§ Directions:
All of the data below is to be repeated exactly, except for the pictures.

Start of Dataset excerpts

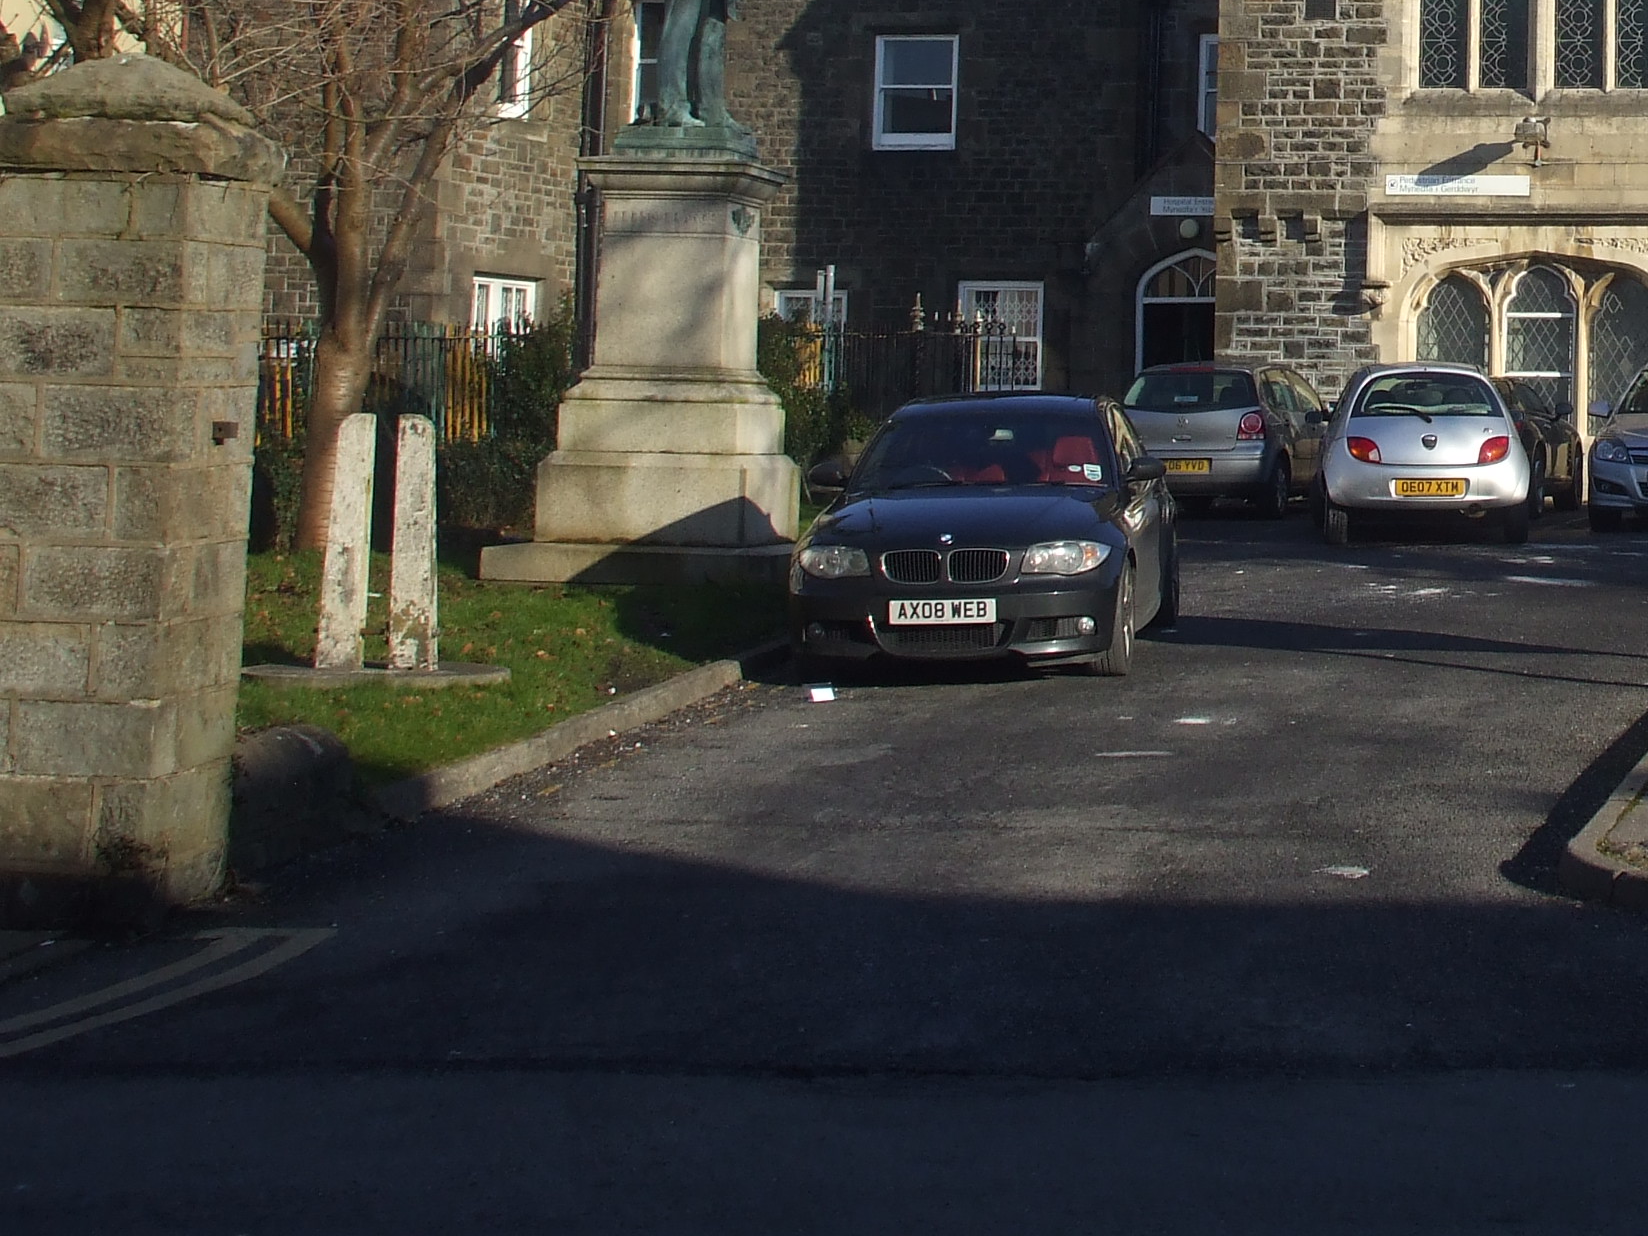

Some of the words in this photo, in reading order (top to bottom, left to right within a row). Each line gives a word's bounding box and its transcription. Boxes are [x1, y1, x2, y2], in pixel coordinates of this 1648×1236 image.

[1185, 460, 1205, 470] YVD
[1401, 481, 1432, 492] OE07
[898, 602, 945, 619] AX08
[951, 601, 988, 618] WEB
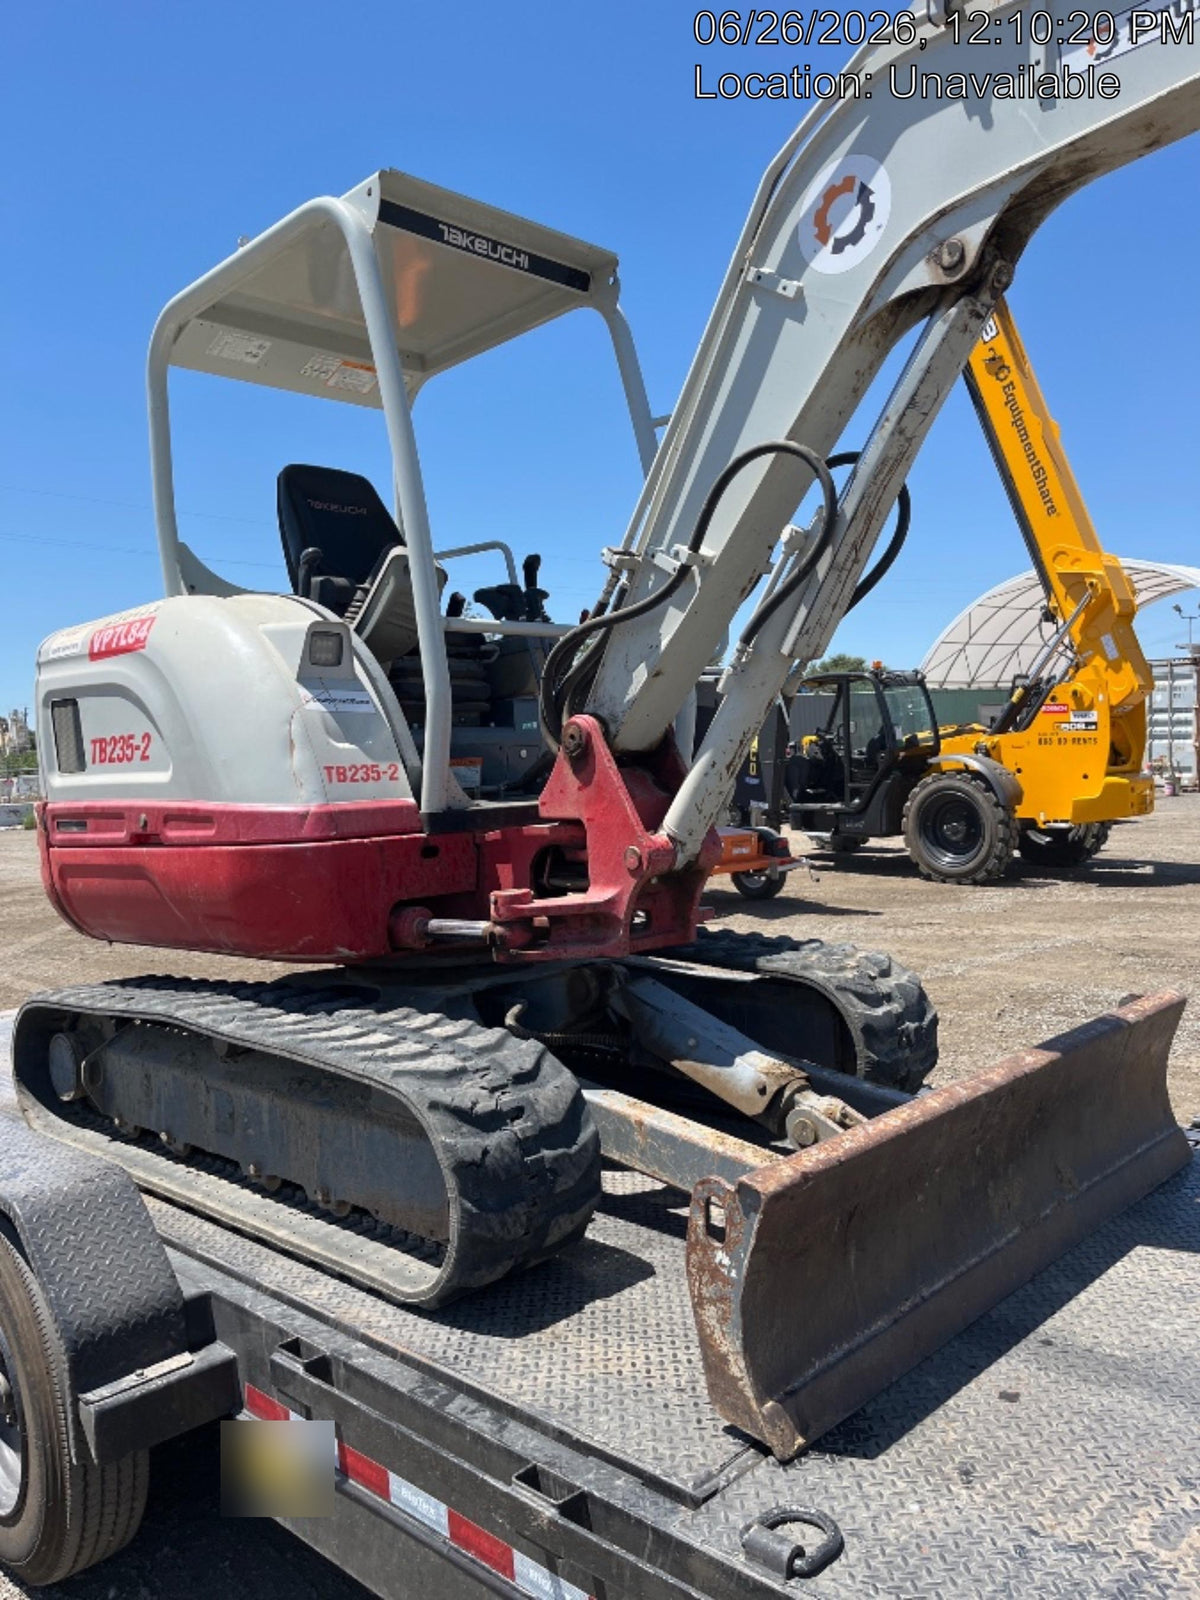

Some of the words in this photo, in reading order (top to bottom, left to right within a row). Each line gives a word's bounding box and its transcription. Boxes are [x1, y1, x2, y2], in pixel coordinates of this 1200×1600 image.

End of Dataset excerpts

§ Completed task:
Some of the words in this photo, in reading order (top to bottom, left to right within a row). Each line gives a word's bounding box and its transcription. Boxes are [x1, y1, x2, y2], in pixel coordinates of this 1648×1236 image.

[1185, 460, 1205, 470] YVD
[1401, 481, 1432, 492] OE07
[898, 602, 945, 619] AX08
[951, 601, 988, 618] WEB

Some of the words in this photo, in reading order (top to bottom, left to right within a row). Each line gives a word's bounding box and its transcription. Boxes are [x1, y1, x2, y2], in pixel coordinates of this 1200×1600 image.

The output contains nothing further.